# Energies and Potentials

• Chemical Energy
Chemical reactions involve the making and breaking of chemical bonds (ionic and covalent) and the chemical energy of a system is the energy released or absorbed due to the making and breaking of these bonds. Breaking bonds requires energy, forming bonds releases energy, and the overall reaction can be either endergonic (ΔG<0) or exergonic (ΔG>0) based on the overall changes in stability from reactants to products.

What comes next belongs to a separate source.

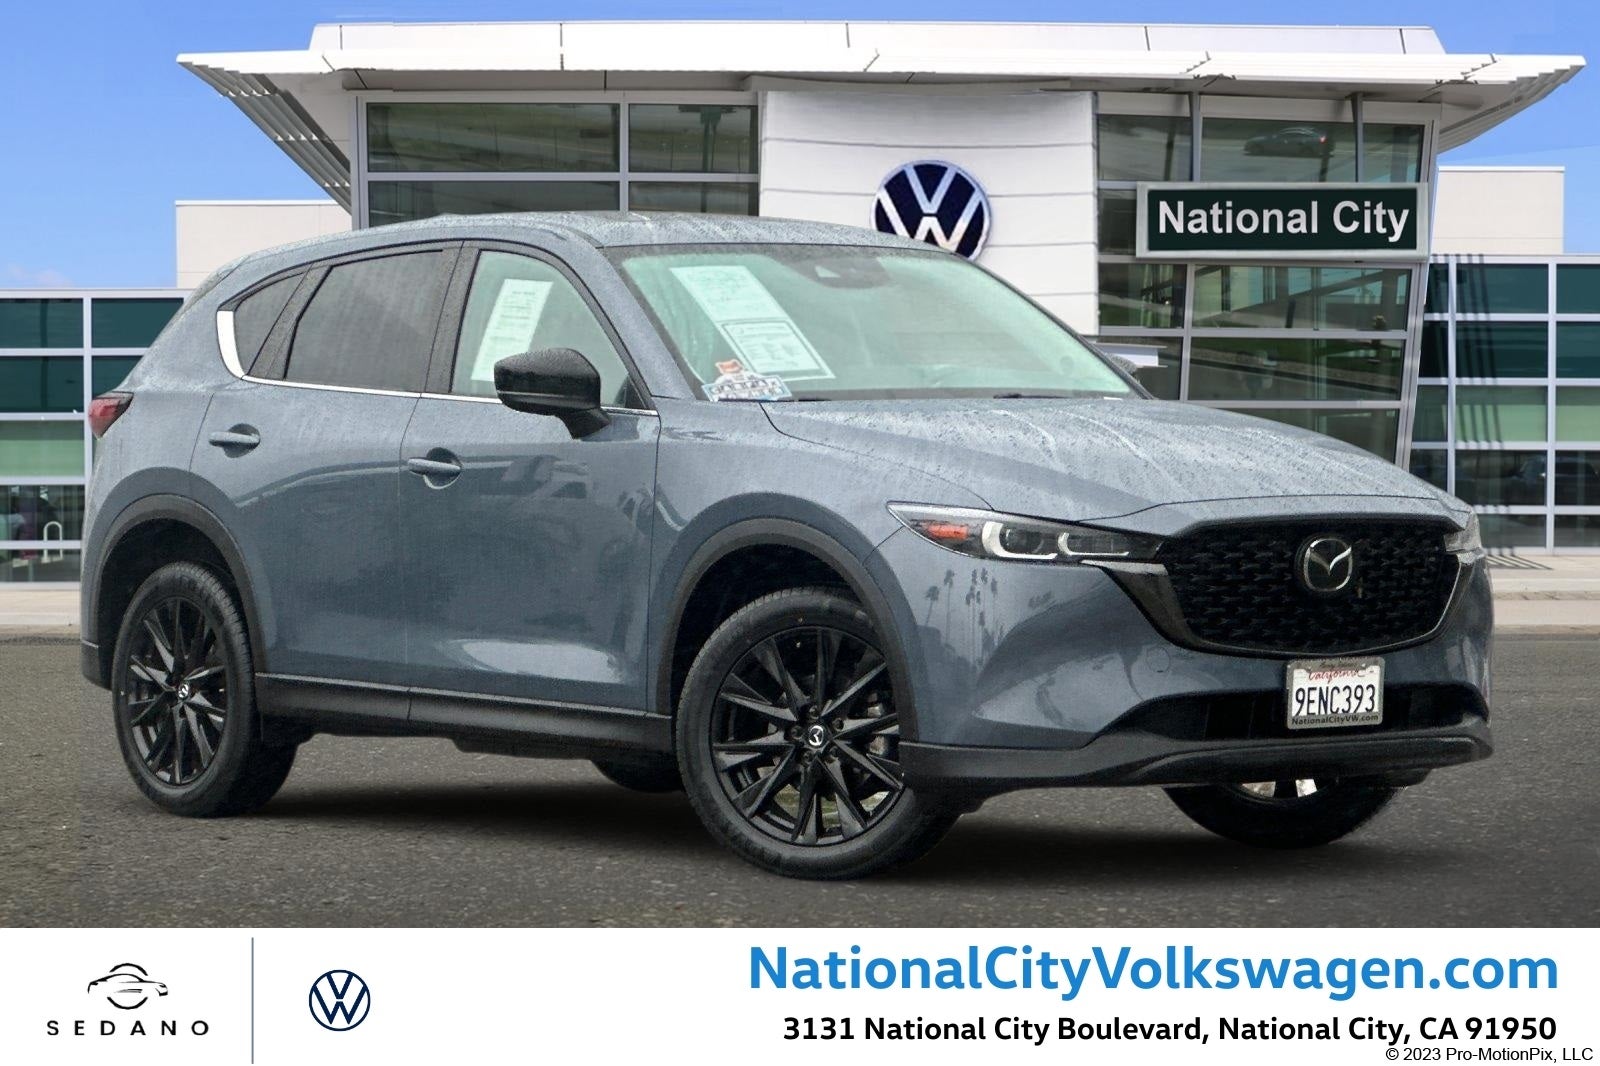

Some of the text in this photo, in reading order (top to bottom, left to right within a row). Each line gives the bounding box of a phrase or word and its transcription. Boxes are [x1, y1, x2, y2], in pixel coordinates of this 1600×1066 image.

[1158, 200, 1410, 243] National City
[1294, 684, 1376, 717] 9ENC393
[1291, 713, 1379, 725] NationalCityVW.com

• Differential Forms of Fundamental Equations
The fundamental thermodynamic equations follow from five primary thermodynamic definitions and describe internal energy, enthalpy, Helmholtz energy, and Gibbs energy in terms of their natural variables. Here they will be presented in their differential forms.
• Enthalpy
When a process occurs at constant pressure, the heat evolved (either released or absorbed) is equal to the change in enthalpy. Enthalpy (H) is the sum of the internal energy (U) and the product of pressure and volume (PV).
• Free Energy
Free energy is a composite function that balances the influence of energy vs. entropy.
• Internal Energy
The internal energy of a system is identified with the random, disordered motion of molecules; the total (internal) energy in a system includes potential and kinetic energy. This is contrast to external energy which is a function of the sample with respect to the outside environment (e.g. kinetic energy if the sample is moving or potential energy if the sample is at a height from the ground etc).
• Potential Energy
Potential Energy is energy due to position, composition, or arrangement. Also, it is the energy associated with forces of attraction and repulsion between objects. Any object that is lifted from its resting position has stored energy therefore it is called potential energy because it has a potential to do work when released.
• Thermal Energy
Thermal Energy, also known as random or internal Kinetic Energy, due to the random motion of molecules in a system. Kinetic Energy is seen in three forms: vibrational, rotational, and translational. Vibrational is the energy caused by an object or molecule moving in a vibrating motion, rotational is the energy caused by rotating motion, and translational is the energy caused by the movement of one molecule to to another location.